I would practice with shorter intervals and work up to longer intervals. The hardest thing about amusement parks is that there is unpredictable wait times. So they might be in line for 20-30 mins so if you said "two rides and meet us at the tea-cups" that could be an hour. Also, it is really hard to hear your phone while around roller coasters! We had multiple issues last year while at an amusement park of not being able to find each other and calling and calling with no answer.

So I think responsible 10 year olds should be fine, just make sure you scaffold the experience and then have some contingencies built in (i.e. send us a text when you are about to ride" the crazy roller coaster that has a really long wait time" so we have an idea of when to expect you at the carousel.


----------



## meemee (Mar 30, 2005)

i think the plan you have is fine. many times kids want to do things, then they realise they are not ready for it.

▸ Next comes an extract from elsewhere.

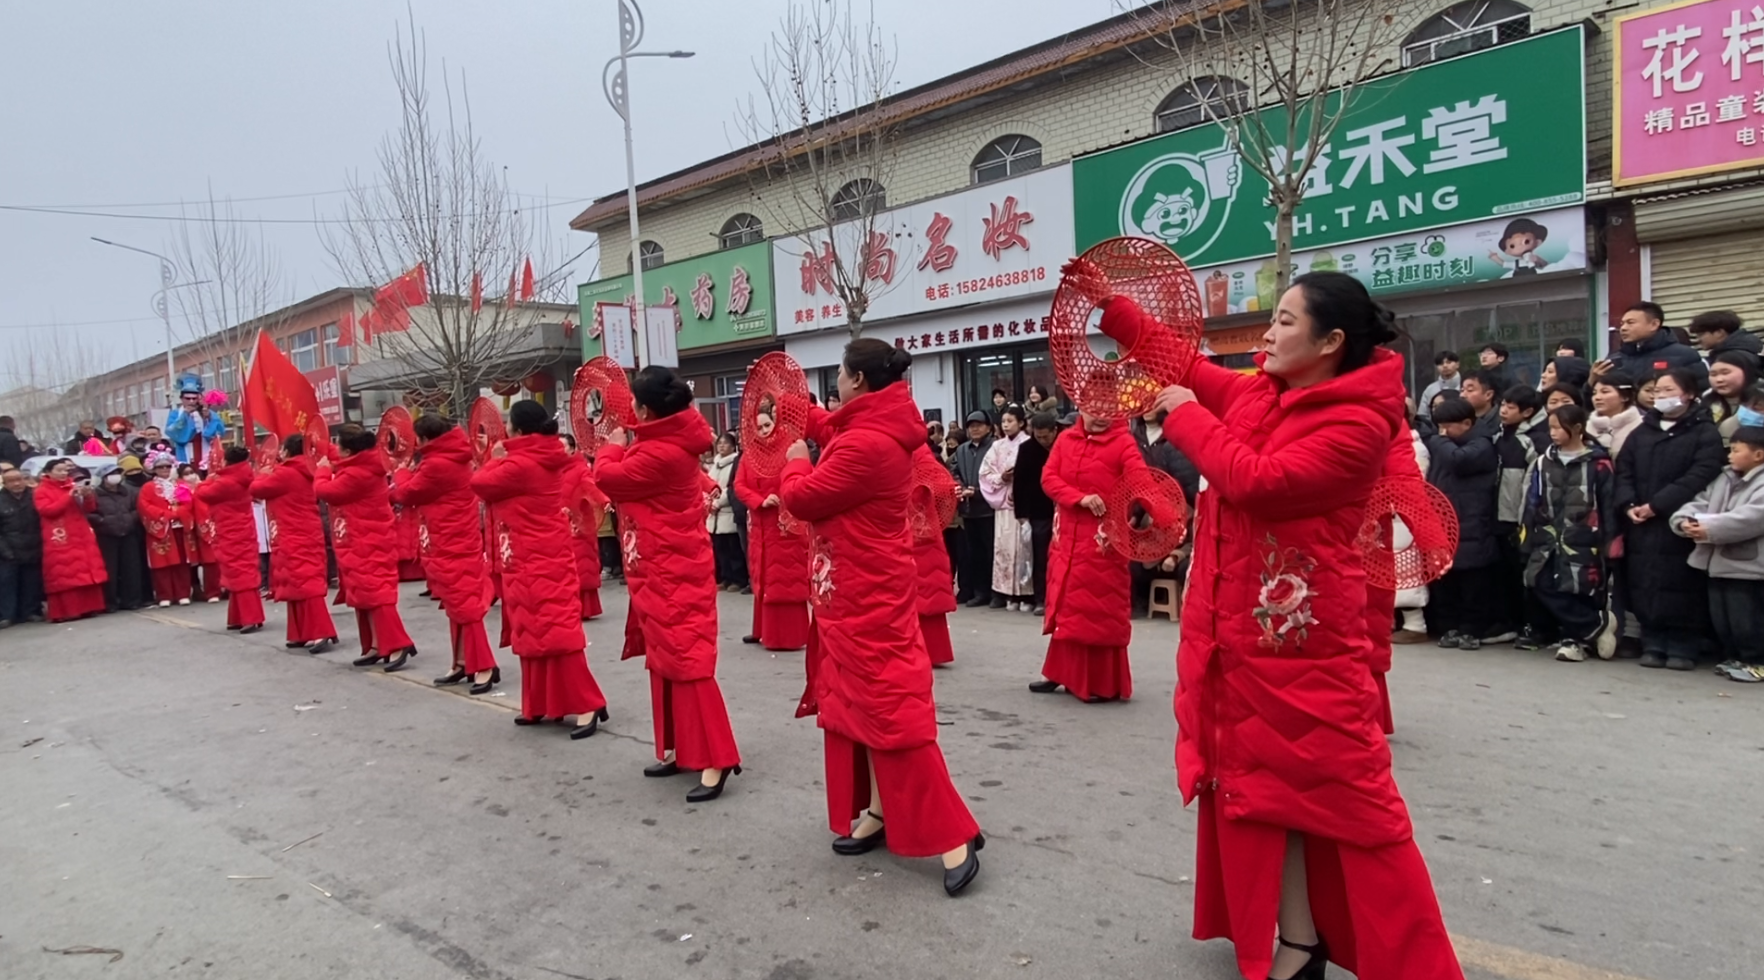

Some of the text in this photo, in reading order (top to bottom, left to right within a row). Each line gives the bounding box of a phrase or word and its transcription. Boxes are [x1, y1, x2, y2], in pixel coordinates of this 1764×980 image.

you have a two hour check in.

i wouldnt say the age thing either. i'd go by how they can handle things. how calm they would be if they got lost and what they did.

my dd i'd totally let her do it at 10.


----------



## kayleesmom (Dec 16, 2004)

i would say 9 with a phone with them.if you are going to meet them at the exit to ride. or 10 if meeting at a meeting place .


----------



## ~cassie (Aug 31, 2009)

I think 10-11 is fine depending on the kid. My oldest is 8 and I don't see it happening in 2 years bc he is very immature. I would definitely have clear rules and a designated place to meet at a specific time every 2-3 hours.


----------



## Escaping (Nov 13, 2012)

10 seems fine to me. I've always found it weird like another poster said that people don't allow their kids any freedom and then they get their licence at 16, move away to university at 17 and start drinking at 18 (at least in Quebec)... then they're surprised when the kids lose their minds at their first taste of freedom.
I'd much rather offer my son some freedom while I can keep him on the invisible leash (cell phone), than offer him no life skills and hope for the best when he turns 18 and it's considered harassment to text him every 15 minutes lol


----------



## Momily (Feb 15, 2007)

We had season passes to six flags for a few years.

I get super motion sick so I was pretty motivated to have my kid ride without me.

From about 7, I would let my kid ride a ride with a friend and without me, but I'd walk the whole line with them, watch them get on and then take the chicken exit. This was mostly the kind of rides where you see the whole thing, because the roller coasters have height restrictions. Younger than that I would have done a kiddie ride without me, but we didn't have tickets then.

By about 9 or 10, I'd let them go in a ride while I sat at the entry to the line, or maybe go off and do 2 rides, but with a pretty clear plan (e.g. you'll ride this, then ride this) but not much more than that.

11 to 13 would be "I'll meet you at X ride in 3 hours, keep your cell phone on".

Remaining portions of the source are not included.